In this embodiment, the second transistor 121 may be a plurality of, for example, a plurality of cascaded second transistors 121.

In the present embodiment, the output of the second transistor 121 is connected to the processing unit 130, and the processing unit 130 may be various processing circuits or processors. The processor may include: a central processing unit, a microprocessor, a digital signal processor, an application processor, a programmable array, an application specific integrated circuit, or other integrated chips or circuits, etc., may obtain the current temperature according to the output signal of the second transistor 121, and determine the signal of the first transistor 111 corresponding to the current temperature.
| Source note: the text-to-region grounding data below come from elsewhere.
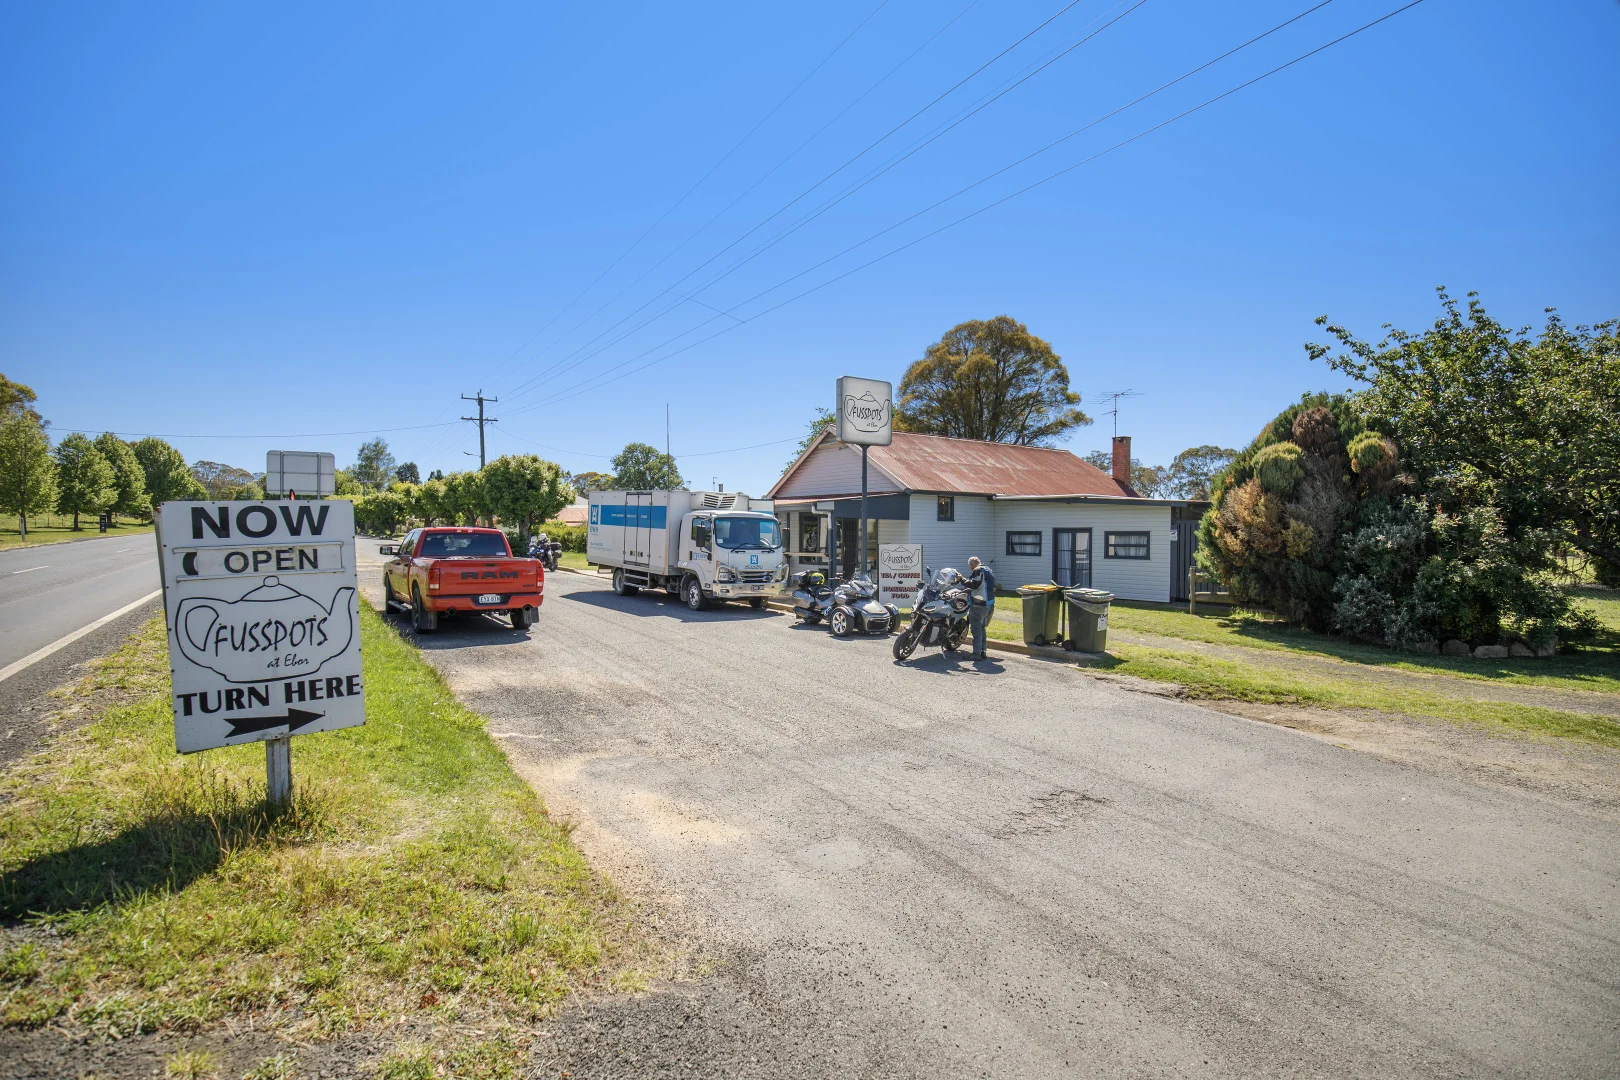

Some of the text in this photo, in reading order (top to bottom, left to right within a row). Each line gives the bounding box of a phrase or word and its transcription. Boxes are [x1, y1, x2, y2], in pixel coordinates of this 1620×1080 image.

[852, 406, 882, 421] FUSSPOTS
[191, 505, 330, 539] NOW
[224, 548, 319, 573] OPEN
[888, 556, 913, 564] FUSSPOTS
[462, 571, 518, 580] RAM
[213, 615, 329, 657] FUSSPOTS
[267, 653, 310, 669] at Ebor
[176, 674, 361, 717] TURN HERE
In some embodiments, if the first transistor 111 is a field effect transistor (MOS), the control signal may be a gate signal input to a gate of the MOS, or a turn-on signal for generating the gate signal, etc.

In this embodiment, the processing unit 130 may be located on the display panel 110, or may be located outside the display panel 110. For example, the processing unit 130 may be located on a circuit board connected to the display panel 110. For example, the display device further includes:

a Printed Circuit Board (PCB) on which the processing unit 130 is located.

The display panel 110 is connected to the PCB through a flexible circuit board (FPC) or the like.

In summary, the output signal of the second transistor 121 may be transmitted to the processing unit 130, and the processing unit 130 may generate a corresponding control signal according to the output signal.

For example, the processing unit 130 may determine a current temperature according to the output signal, query a temperature characteristic of the first transistor 111 according to the current temperature, and combine the temperature characteristic and the current temperature to determine the control signal.

For another example, the processing unit 130 queries a correspondence relationship between the output signal and a control signal according to the output signal, and outputs the control signal based on the correspondence relationship. Here, the correspondence relationship between the output signal and the control signal reflects the temperature characteristic of the first transistor 111, or is predetermined based on the temperature characteristic of the first transistor 111.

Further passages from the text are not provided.